Sunday, May 8, 2016

Futnuckery Vocabulary Builder: Eschatology(word of the day, yesterday)

Eschatology(n): The study of the afterlife.

Imagine great machinery processing souls, in and out, in and out.  Baby in.  Old dude out.  The great cog in the mechanism turns once more and another baby lands in the world, splat, kicking and screaming.

Leaving the world in the form of a spirit then might be like stepping up to an express checkout lane, what with so many dying every second across the globe.  The smallest amount of time possible is spent then in processing the new death, in the interest of economy and to keep pace with ever-increasing numbers.

There will always be at least one penny in the run improperly struck, with an askew rim and a dizzy, doubled president in side relief.

The system will have anomalies, like Neo and Trinity(I'm joking here).  And The One(Jesus).
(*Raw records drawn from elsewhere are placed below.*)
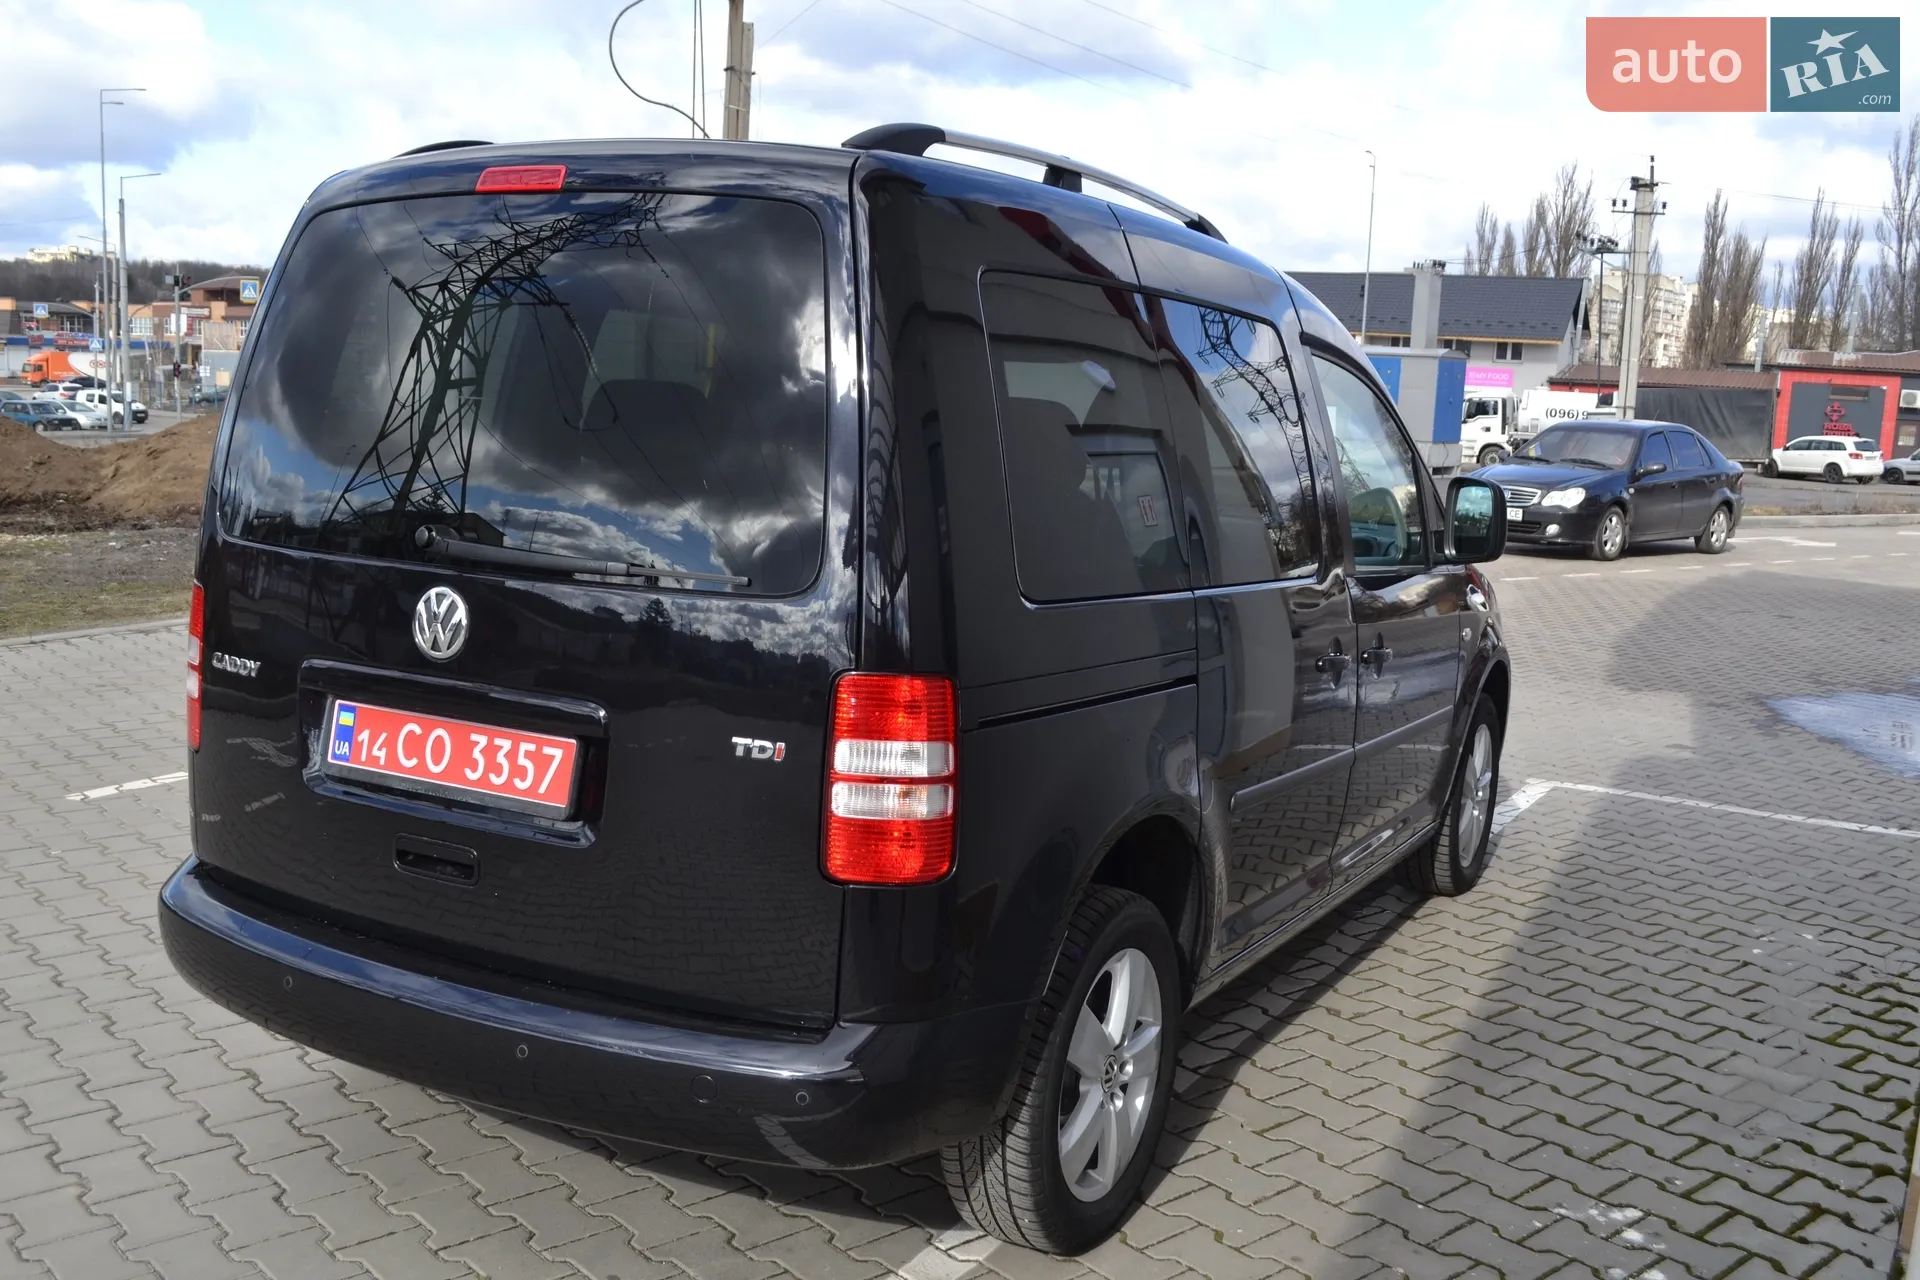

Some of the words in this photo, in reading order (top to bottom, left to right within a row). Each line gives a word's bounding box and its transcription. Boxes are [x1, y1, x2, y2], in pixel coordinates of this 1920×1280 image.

[1545, 407, 1579, 421] (096)
[1581, 410, 1589, 420] 9
[1509, 509, 1521, 519] CE
[211, 651, 261, 678] CADDY
[335, 740, 350, 756] UA
[463, 732, 564, 795] 3357
Having never seen a ghost, I have nevertheless been told tales of all kinds regarding ghosts, spirits, and manifestations of persons departed.  I'm not peeing on the beliefs of other people, but stating emphatically that at this point I do not believe in ghosts; however I have acknowledge that a passing may occasionally not go by the natural order, like a peanut falling from the hopper onto the factory floor in the great Factory of Life.

A drive with a ghost:

A song.  Always a song, narrator driving along, picks up a hitch-hiker.  Maybe the hitcher bums a smoke from the driver.  But always, just before he exits the vehicle, he gives a clue to his identity.

"That was Hank Williams, or Dale Earnhardt, what I gived a ride down the road.  At least I helped his lost soul along a far piece", a rustic might think.

The ghost then just needed a boost from A to B.  Like an Uber customer.  Except dead.  And famous.  And not offering any gas money.

And Nashville chunked the story into a song, and people found it meaningful, in some way, somehow, despite logic, despite knowing that famous person is lost.  And some songwriter and singer have then cashed-in on the name of the famous and dead person referred to.

"That was Ronnie Milsap.  That was Beaufort Pusser.  That was Merle Haggard.  That was Jerry Clower."  A lost soul on a highway, according to Nashville, that the befamed are somehow greater, larger, and even in reality unhappy, and die to become searching and unhappy ghosts.  

"Oh, how do I spend all the filthy money?"  Success a burden?  On the weak-minded among us.  Face it people: we elevate some broken, barely-functional people. We then hound them, severely fracturing any chance for a celebrity to know a regular life.  I think of Mike Tyson fixing his soul, becoming a better man, but a worse boxer.  I think of Heath Ledger and the pills.  Phillip Seymour Hoffman and the pills.  Johnny Depp and the goats.

Like the scene in Tim Burton's Batman, in which Batman and the Joker argue about which of the two made the other, that each had forced the hand of the other, influencing through violence.  Though the Joker's plight was sort of well-earned punishment, while Bruce Wayne was traumatized by the turd Napier during the commission of a crime.  But it's emotional wrought Hollyweird crap in the course of a lack of consequences and rules-the villian and the masked revenger arguing motive.